$ECUAS_n$: A family of metrics for principled evaluation of uncertainty-augmented systems
$ECUAS_n$: A family of metrics for principled evaluation of uncertainty-augmented systems
$ECUAS_n$:用于不确定性增强系统原则性评估的指标族
Abstract: In high-stakes automated decision-making, access to predictive uncertainty is essential for enabling users — human or downstream systems — to accept or reject predictions based on application-specific cost trade-offs.
摘要: 在高风险的自动化决策中,获取预测不确定性对于使用户(人类或下游系统)能够根据特定应用的成本权衡来接受或拒绝预测至关重要。

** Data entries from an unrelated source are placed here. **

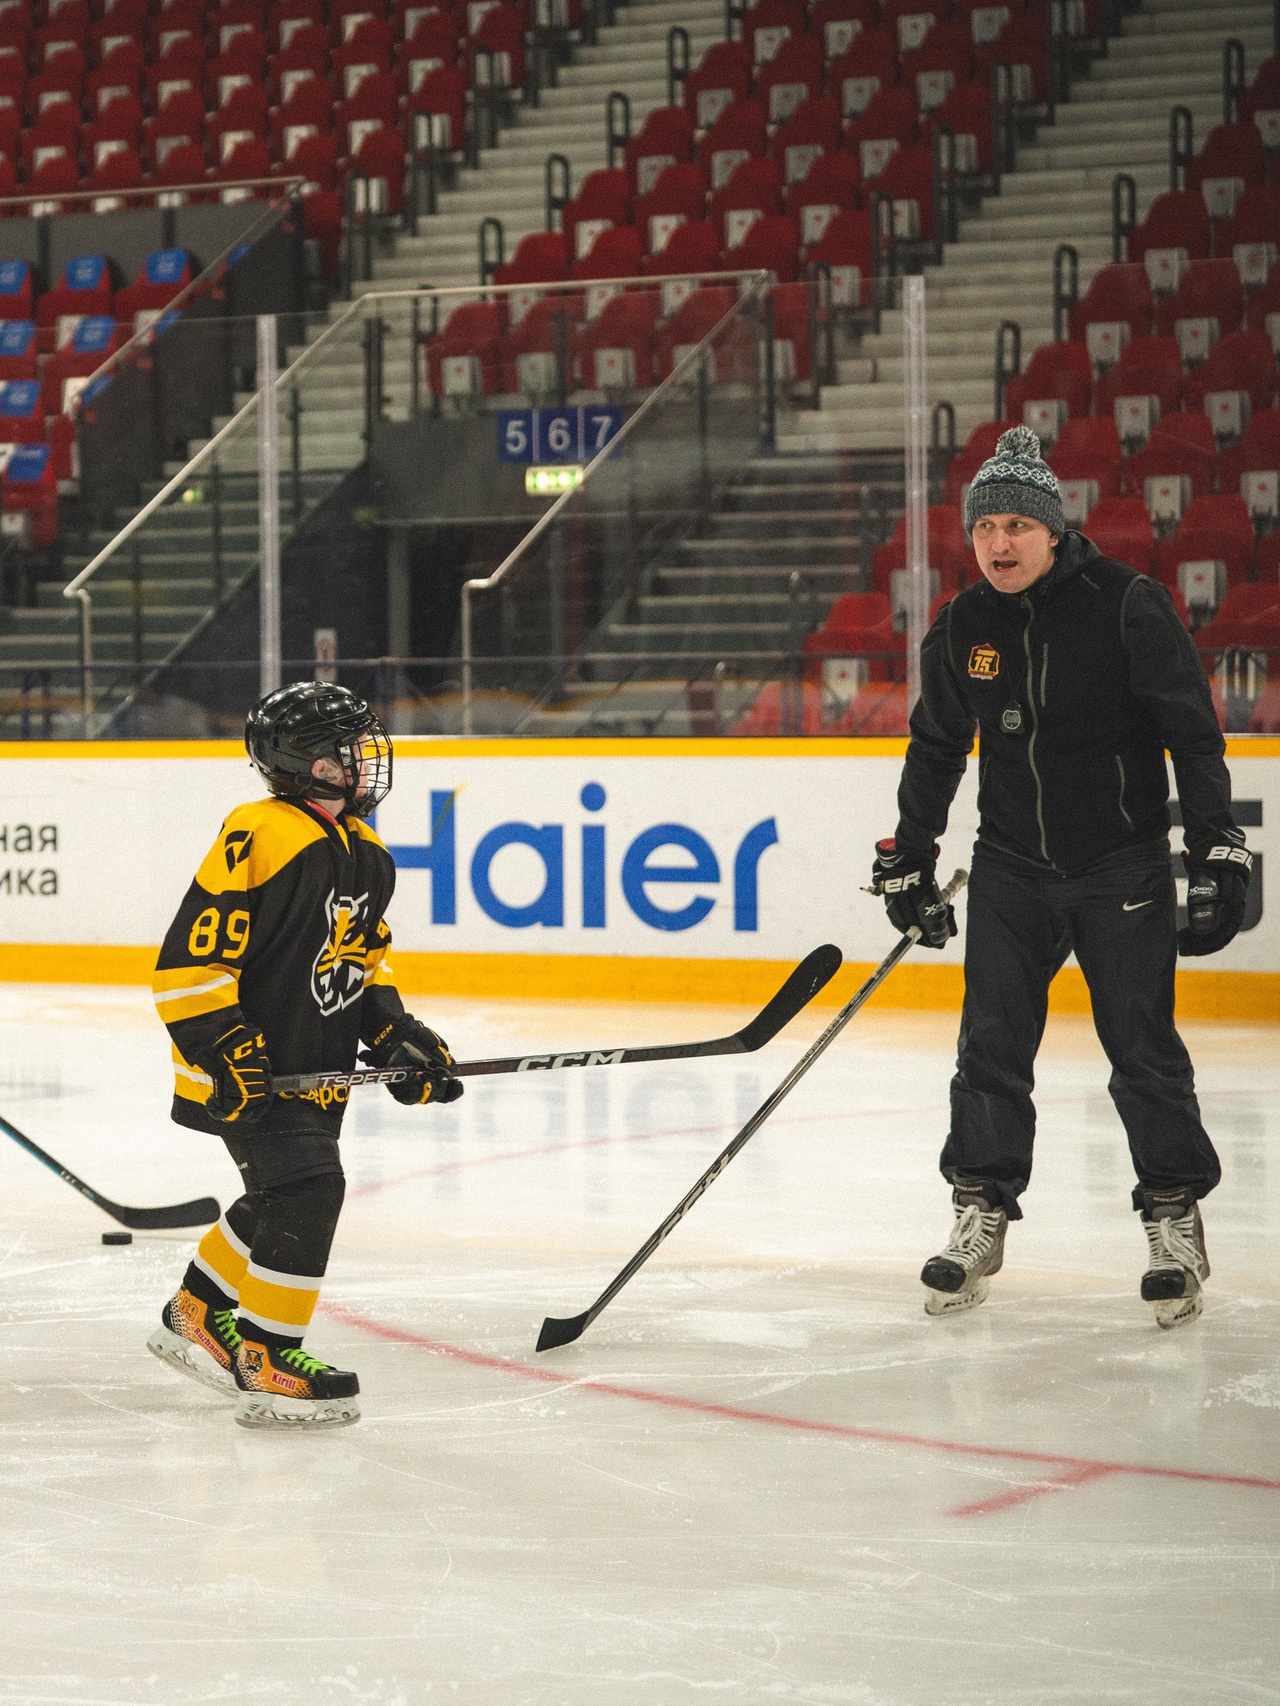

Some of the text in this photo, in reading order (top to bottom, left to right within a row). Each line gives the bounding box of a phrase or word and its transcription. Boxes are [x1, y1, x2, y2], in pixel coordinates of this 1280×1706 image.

[505, 415, 613, 454] 5 6 7
[369, 781, 780, 933] Haier
[187, 906, 250, 960] 89
[373, 1023, 394, 1047] CCM
[517, 1049, 626, 1072] CCM
[178, 1296, 200, 1322] 89
[193, 1327, 228, 1363] Ruzhanov
[271, 1371, 297, 1392] Kirill

Such uncertainty-augmented (UA) systems — i.e., systems that output both predictions and uncertainty scores — are currently being assessed in the literature in a variety of ways, using separate metrics to evaluate the predictions and the uncertainty scores, setting a cost function with a fixed rejection cost or integrating over a coverage-risk curve.
此类不确定性增强(UA)系统(即同时输出预测结果和不确定性评分的系统)目前在文献中通过多种方式进行评估,例如使用独立的指标分别评估预测结果和不确定性评分、设定具有固定拒绝成本的成本函数,或对覆盖率-风险曲线进行积分。

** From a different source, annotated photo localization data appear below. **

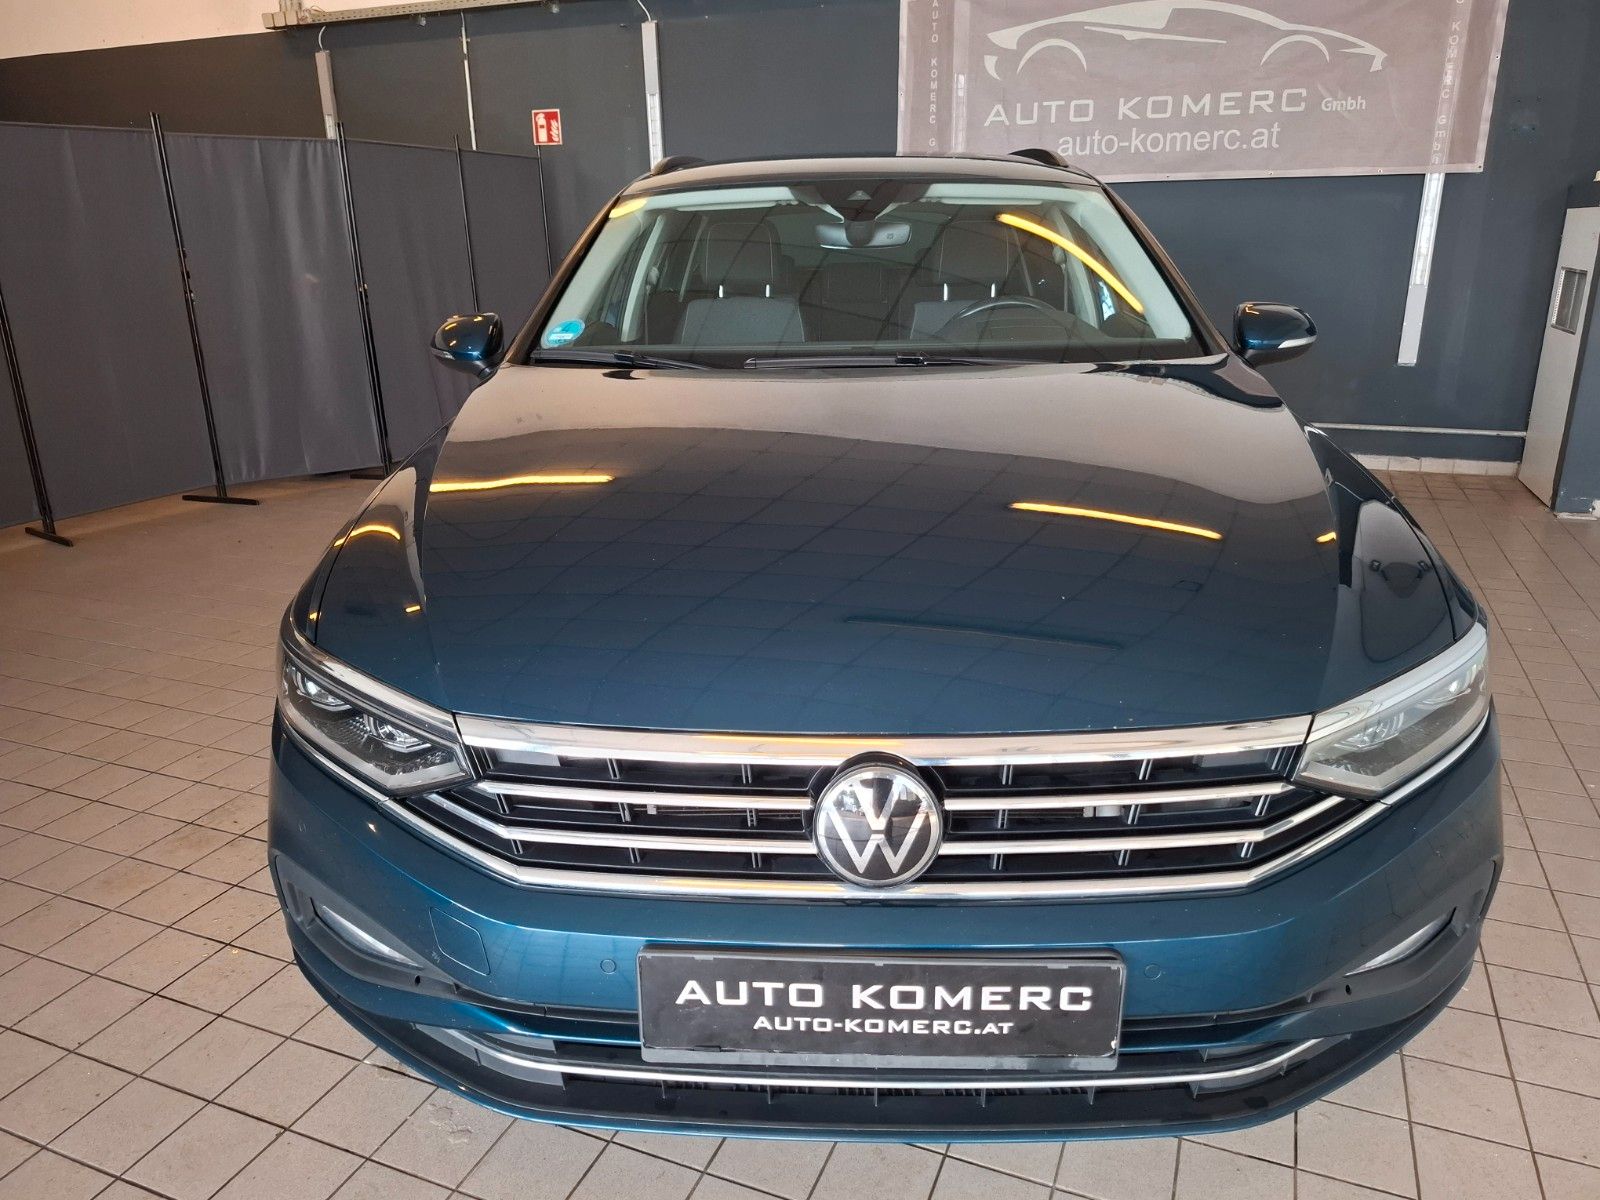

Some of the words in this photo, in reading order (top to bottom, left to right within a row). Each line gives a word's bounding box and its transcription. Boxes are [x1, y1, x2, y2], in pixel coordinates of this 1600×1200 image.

[931, 0, 939, 43] AUTO
[929, 57, 938, 124] KOMERC
[983, 99, 1095, 127] AUTO
[1117, 88, 1307, 120] KOMERC
[1321, 95, 1367, 112] Gmbh
[1058, 121, 1281, 157] auto-komerc.at
[675, 979, 824, 1008] AUTO
[851, 984, 1093, 1012] KOMERC
[752, 1015, 1014, 1035] AUTO-KOMERC.AT

We argue that these evaluation approaches are inadequate for assessing overall performance of the UA system for decision making under uncertainty and propose a novel family of metrics, $ECUAS_n$, formulated as proper scoring rules for the task of interest.

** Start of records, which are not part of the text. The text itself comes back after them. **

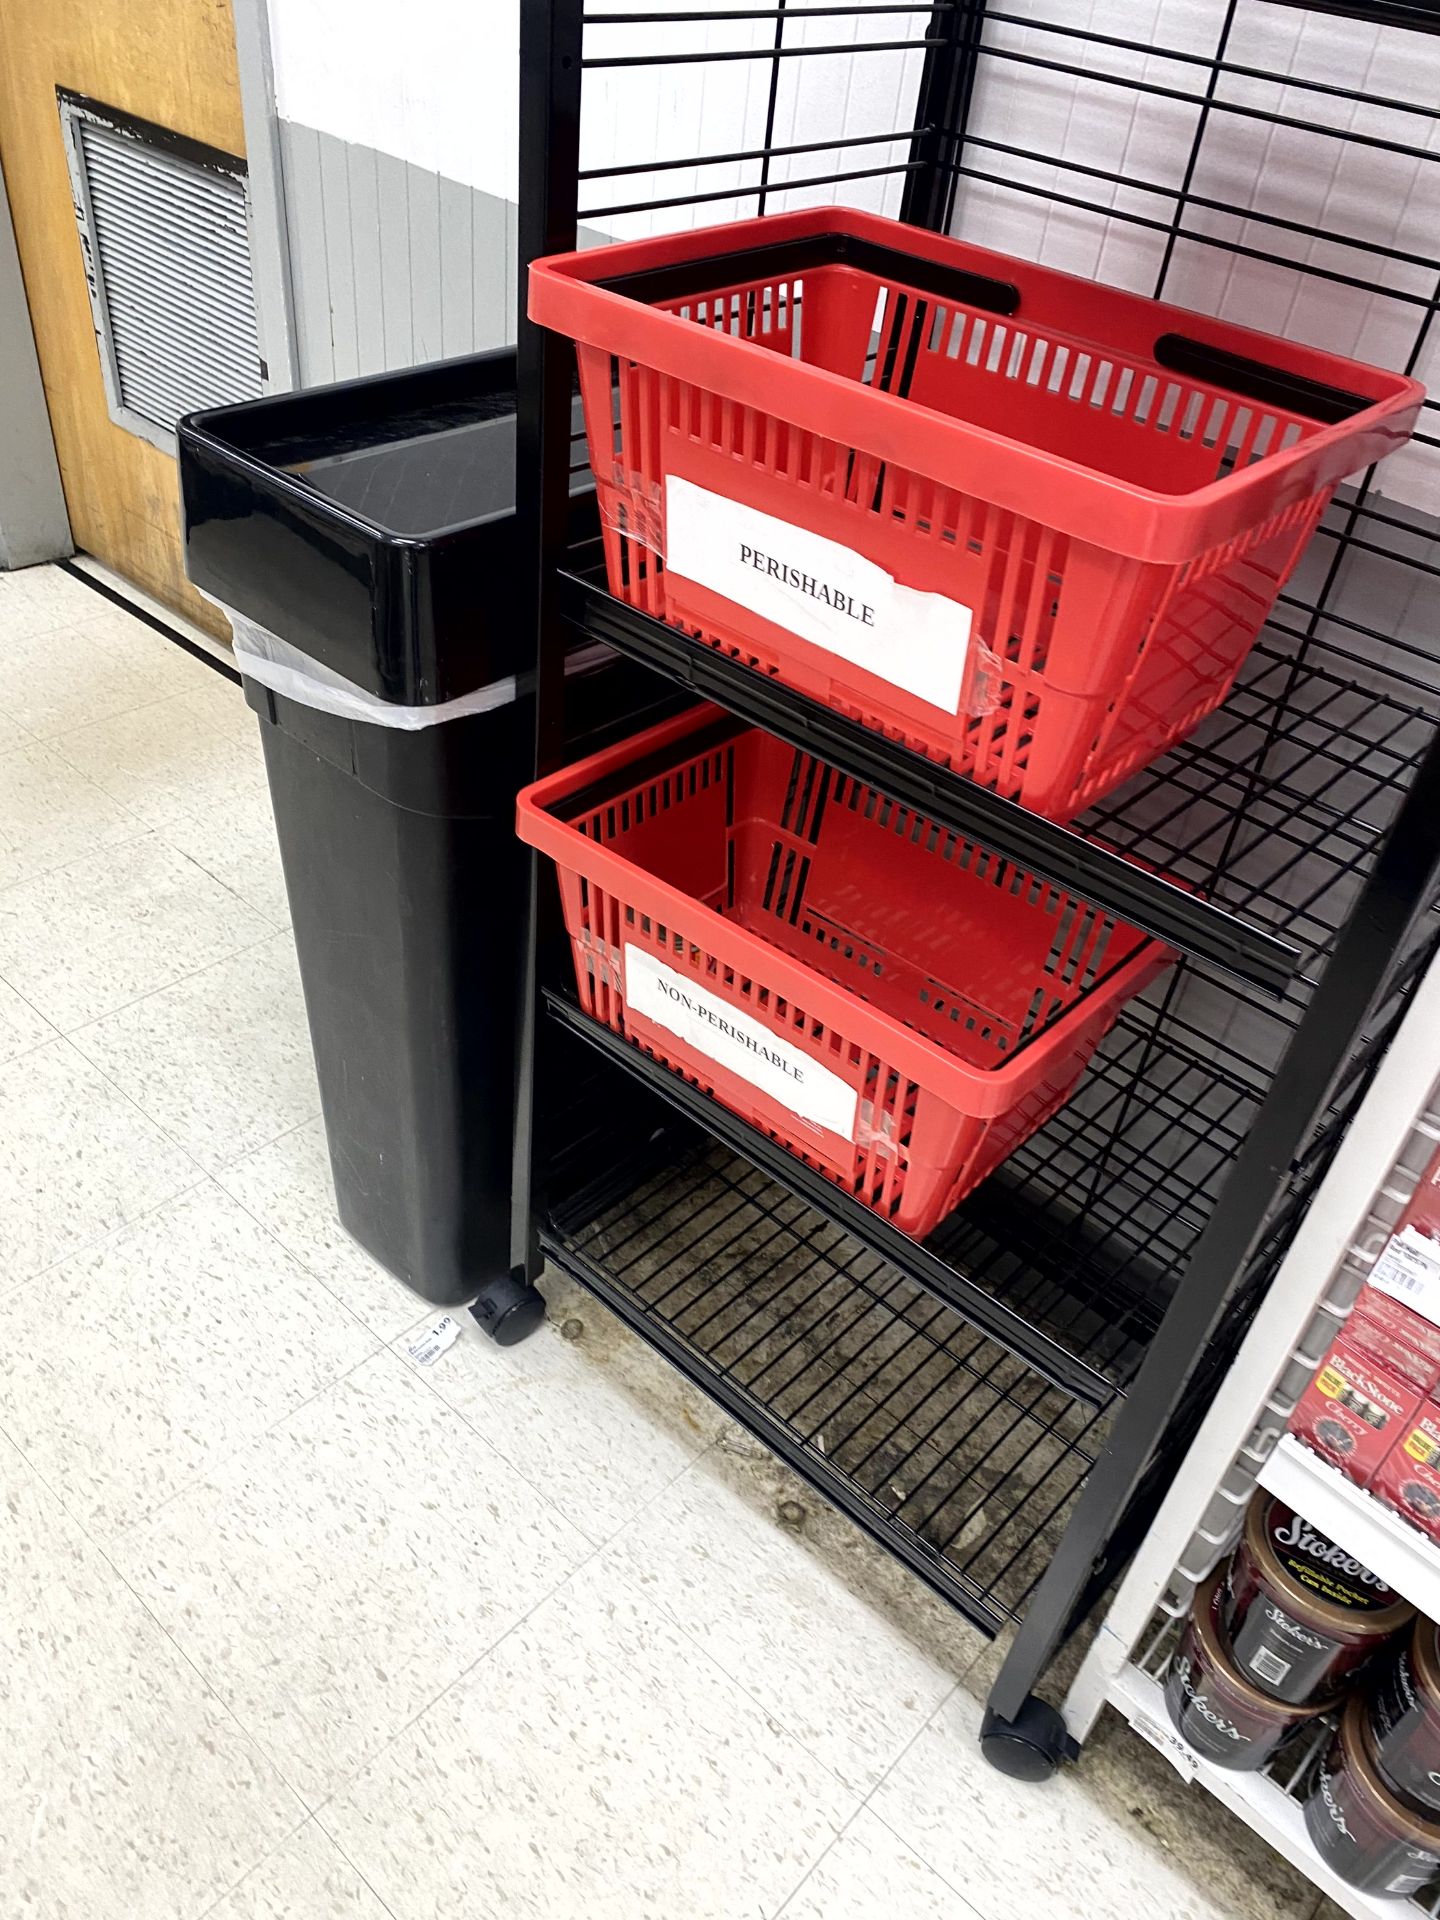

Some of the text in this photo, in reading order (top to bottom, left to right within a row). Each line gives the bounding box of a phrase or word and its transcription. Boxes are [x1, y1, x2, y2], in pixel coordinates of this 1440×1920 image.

[739, 542, 875, 627] PERISHABLE
[656, 977, 805, 1084] NON-PERISHABLE
[1325, 1400, 1368, 1435] Cherry
[1264, 1608, 1329, 1650] Stoker's
[1173, 1656, 1252, 1742] Stoker's

我们认为,这些评估方法不足以衡量 UA 系统在不确定性环境下进行决策时的整体性能,因此提出了一种新的指标族 $ECUAS_n$,将其表述为针对特定任务的适当评分规则(proper scoring rules)。
The parameter $n$ controls the trade-off between the cost of incorrect predictions and imperfect uncertainties depending on the needs of the use-case.
参数 $n$ 根据用例的需求,控制了错误预测成本与不完美不确定性之间的权衡。
We demonstrate the advantages of the $ECUAS_n$ metrics both theoretically and empirically, through experiments on diverse classification and generation datasets, including a manually annotated subset of TriviaQA.
我们通过在多种分类和生成数据集(包括 TriviaQA 的人工标注子集)上的实验,从理论和实证两方面证明了 $ECUAS_n$ 指标的优势。